Handsel Art
PRESS
RELEASE
Date: 28 August 2008
For
Immediate Release
Contact: J.R. Few at
(870) 427-1365 or email
Human Rights and Tobacco
Earlier this month, the Arkansas Department of Health held a press
conference reporting a significant decrease in Arkansas’ smoking rates. What went unreported was that the week before
the Tobacco Prevention and Cessation Branch Chief Dr. Carolyn Dresler welcomed
an international group in Lausanne, Switzerland to focus on the next step in
challenging tobacco, as a threat to human rights.
The first things Arkansas legislators cut from the voter mandated Act 1
of 2000, distributing tobacco settlement funds, were the law school programs
that trained young scholars to challenge the tobacco industry.

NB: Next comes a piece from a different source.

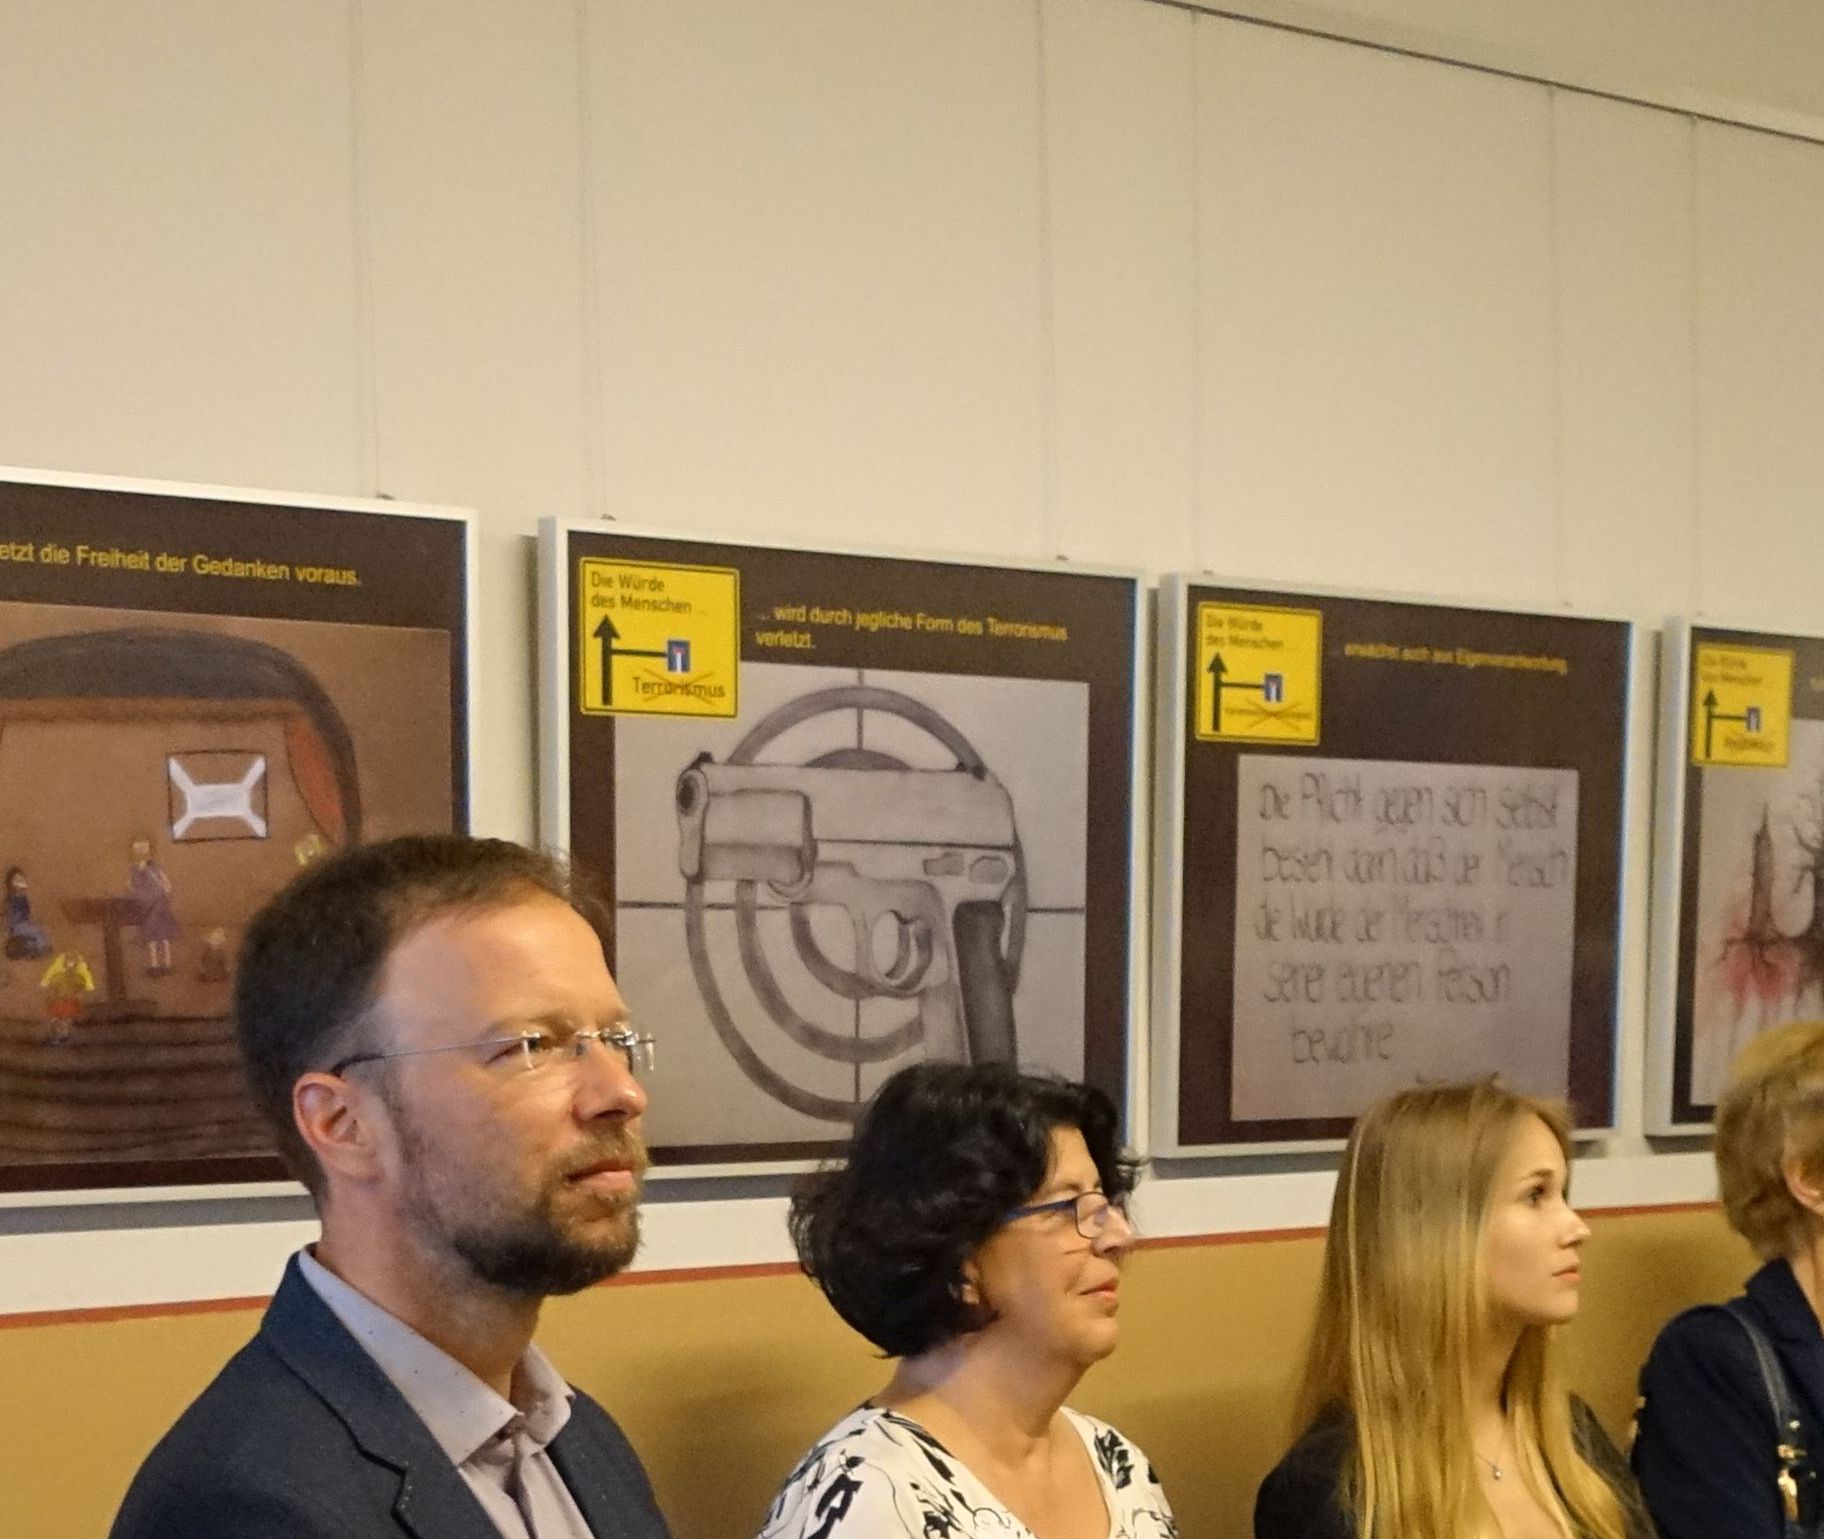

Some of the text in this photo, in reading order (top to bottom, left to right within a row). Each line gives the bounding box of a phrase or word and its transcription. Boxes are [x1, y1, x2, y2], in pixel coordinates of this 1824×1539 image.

In
2004 Josh Alpert, with Americans for Nonsmokers’ Rights, spoke at the
University of Arkansas School of Law Tobacco Control Center’s last and only
symposium, National Trends and Legal Aspects of Tobacco Prevention. Alpert told
the audience in Fayetteville that the tobacco industry knew that legal
challenges to the public health were merely a stalling tactic. The growth market for the tobacco cartel was
overseas.
The 1948 Universal
Declaration of Human Rights is a landmark United Nations document stating that
all persons have “the right to a standard of living adequate for the health and
well-being of himself and of his family.”
Human rights recognize “rights holders” and “duty bearers.” States or governments have a duty to uphold
the basic right to a healthy and safe environment and the knowledge on how to
sustain it.
Primary to understanding tobacco prevention as a matter of human rights is
that tobacco industry profit depends on traditionally under-privileged
populations. 85% of tobacco is grown in developing
countries, much of it by child labor. Within the next decade tobacco is
expected to kill 10 million people annually, 70% of those in developing
countries. More to the point is that the
burden of tobacco addiction is borne by the most vulnerable: the uneducated,
women, and children.
In parts of the developing world where many people live on only a few
dollars a day, tobacco addiction can consume as much as 10% of a family’s
income. Most smokers become addicted in
their teens, long before they have a spouse or children. The burden of the cost of tobacco, related
health issues, and premature death becomes a family’s inheritance.
“In Marion County smokers spend an estimated $2.5 million dollars
annually on tobacco,” says Tobacco Free Marion County’s Julie Andersen. “How much of this income here could be
diverted to school supplies, shoes, or clothing? Now imagine that in the third world the cost
of tobacco addiction often deprives communities of food and simple survival.” Marion County’s adult smoking rate has fallen
to 14% of the population. Smoking rates
on the Pacific Rim are as high as 70%.
Co-hosting the Lausanne conference with Dr. Dresler
was Harry Lando, PhD of the University of Minnesota and supported by local
hosts, Pascal Bovet ,PhD and Jacques Cornuz, PhD from the University of
Lausanne. The group has adopted for the
future the title Human Rights and Tobacco Control Network.
A human rights based approach to tobacco prevention
may be a new perspective, but is gaining momentum. Most
importantly, it addresses the real harm and cost of transnational
corporate tobacco predation and the
responsibilities of government at all levels across the globe to protect their population.